- RECORDS PROVIDED -

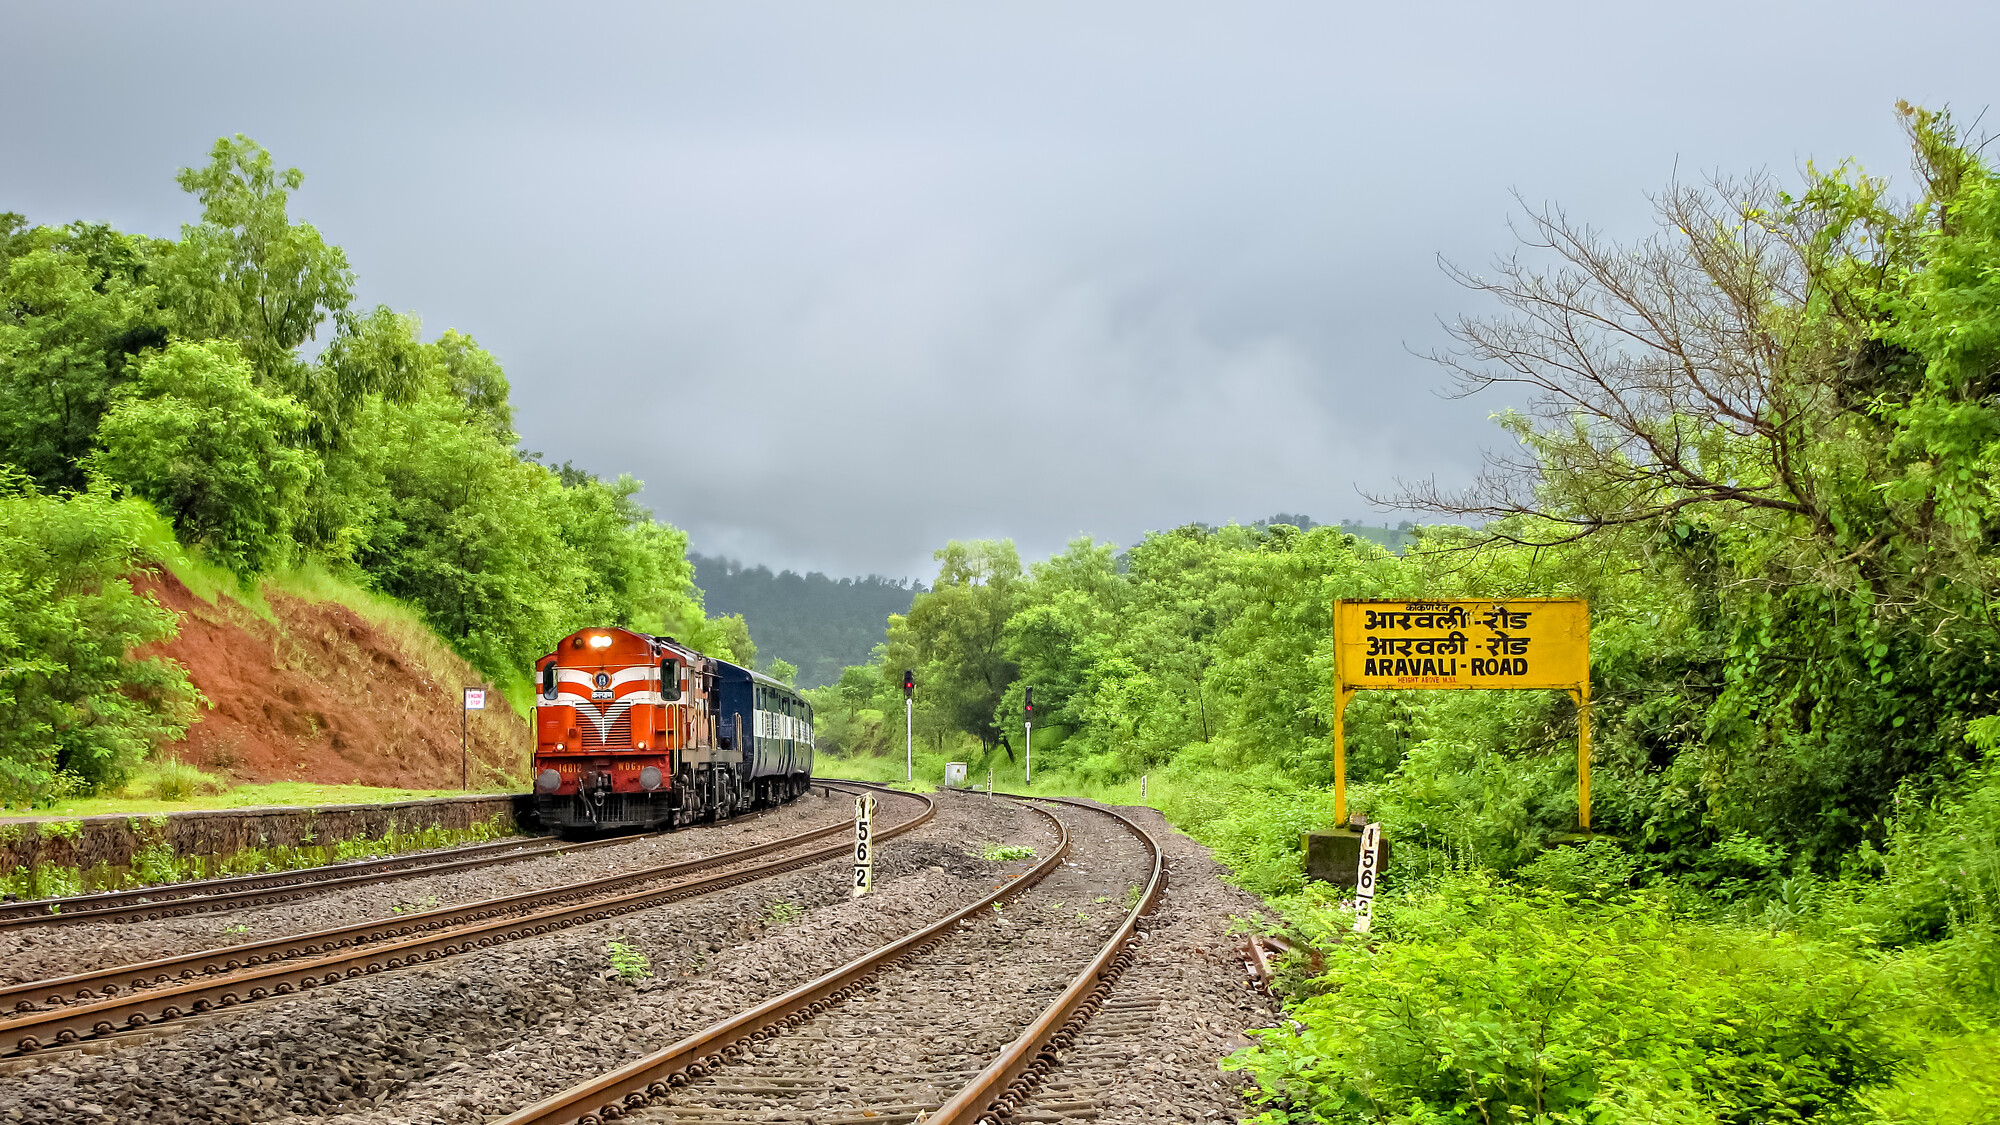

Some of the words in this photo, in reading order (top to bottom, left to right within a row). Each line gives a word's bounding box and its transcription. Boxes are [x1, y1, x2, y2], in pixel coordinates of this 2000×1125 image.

[1366, 631, 1469, 657] आरवली
[1486, 631, 1531, 657] रोड
[1364, 658, 1457, 676] ARAVALI
[1471, 657, 1528, 676] ROAD

- WORK ITEM -
For this exercise, output the records exactly but omit their pictures.

- WORKED SOLUTION -
Some of the words in this photo, in reading order (top to bottom, left to right within a row). Each line gives a word's bounding box and its transcription. Boxes are [x1, y1, x2, y2], in pixel coordinates of this 2000×1125 image.

[1366, 631, 1469, 657] आरवली
[1486, 631, 1531, 657] रोड
[1364, 658, 1457, 676] ARAVALI
[1471, 657, 1528, 676] ROAD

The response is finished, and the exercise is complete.